0

I am trying to match multiple phrases between known words.

Essentially, I want to parse out what the user filled in inside the brackets: Get information for [name] for [duration] for [location]. I want to obtain what the user entered for name, duration and location. It is okay if they only enter the name and not the duration and location. Or if they entered name and duration but not location. Just parse out whatever they entered, if anything.

So, suppose the user entered statement is:

  1. Get information for John -> I want to parse out John.
  2. Get information for John Doe for last 6 months -> I want to parse out John Doe, last 6 months.
  3. Get information for John Doe for last 6 months for Earth -> I want to parse out John Doe, last 6 months, Earth.

My best attempt so far is:

Get information for (.+?(?=for|$))(?:for)?(.+?(?=for|$))?(?:for)?(.*)

EDIT: it is not necessary that "for" is the differentiating word.

For example, consider the phrase:

Get information about [name] for [location] in [duration].

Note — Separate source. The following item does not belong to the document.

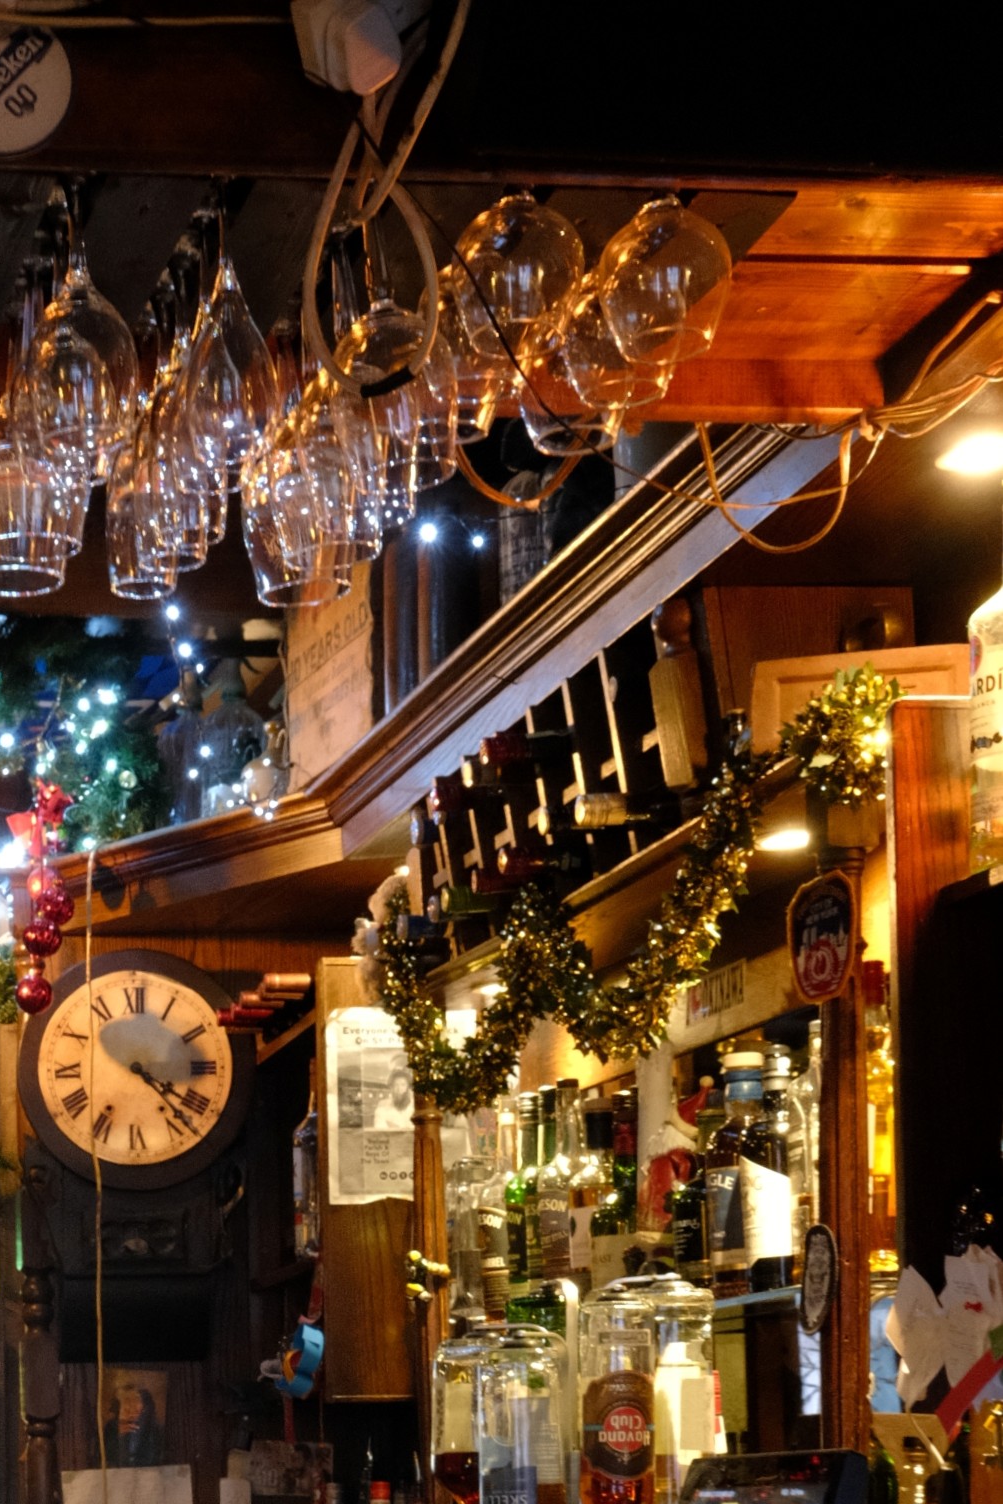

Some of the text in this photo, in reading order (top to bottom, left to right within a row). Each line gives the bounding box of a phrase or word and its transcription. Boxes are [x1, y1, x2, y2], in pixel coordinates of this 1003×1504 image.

[302, 622, 342, 673] YEARS
[343, 603, 369, 640] OLD
[610, 1415, 642, 1430] Club
[598, 1431, 651, 1446] Havana

and suppose the user enters:

Get information about John Doe for Earth in last month.

Now if I still split on "for", the code won't work.

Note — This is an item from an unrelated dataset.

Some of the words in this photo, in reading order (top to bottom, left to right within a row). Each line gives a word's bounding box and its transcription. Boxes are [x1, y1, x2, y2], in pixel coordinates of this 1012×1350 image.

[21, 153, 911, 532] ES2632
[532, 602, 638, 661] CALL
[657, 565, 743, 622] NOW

So I need a generic solution.

EDIT 2:

in a generic sense the question is, if unknown and known phrases are interleaved, how do I parse out the unknown phrases? For example:

known phrase 1 unknown phrase 1 known phrase 2 unknown phrase 2 and so on.

To make matters worse, sometimes the known phrases are the same (in my example, the known phrase is "for"). Hence I can't simply try to get the unknown string between two known strings using something like, knownPhrase1(.*)knownPhrase2

How do I determine the unknown phrases?

  • With your asterisks and comas it's hard to tell what you literally want here. It would help if you put the input string and output strings inside backticks. Did you mean "Given `John Doe for last 6 months`, I want to parse out `John Doe`, and `last 6 months`." – Faust Sep 06 '22 at 17:29
  • @Faust I updated my question to better express what I want. You are right. If user enters, "Get Information on John Doe for last 6 months", I want to parse out "John Doe" and "last 6 months" – everCurious1 Sep 06 '22 at 17:40
  • @anubhava because in this example the user entered phrase is between "for". However, it doesn't have to be. It is just an example. – everCurious1 Sep 06 '22 at 17:41
  • 1
    *"is just an example"*: but you have it hard-coded in your own regex? If it is not that, please update your question and explain what the possible patterns of input are and how they should be split. – trincot Sep 06 '22 at 17:46
  • @trincot updated the question. – everCurious1 Sep 06 '22 at 18:15

1 Answers1

0

You can just use split(/\sfor\s/) for achieving that, use slice(1) to get all pieces except the first one "Get information".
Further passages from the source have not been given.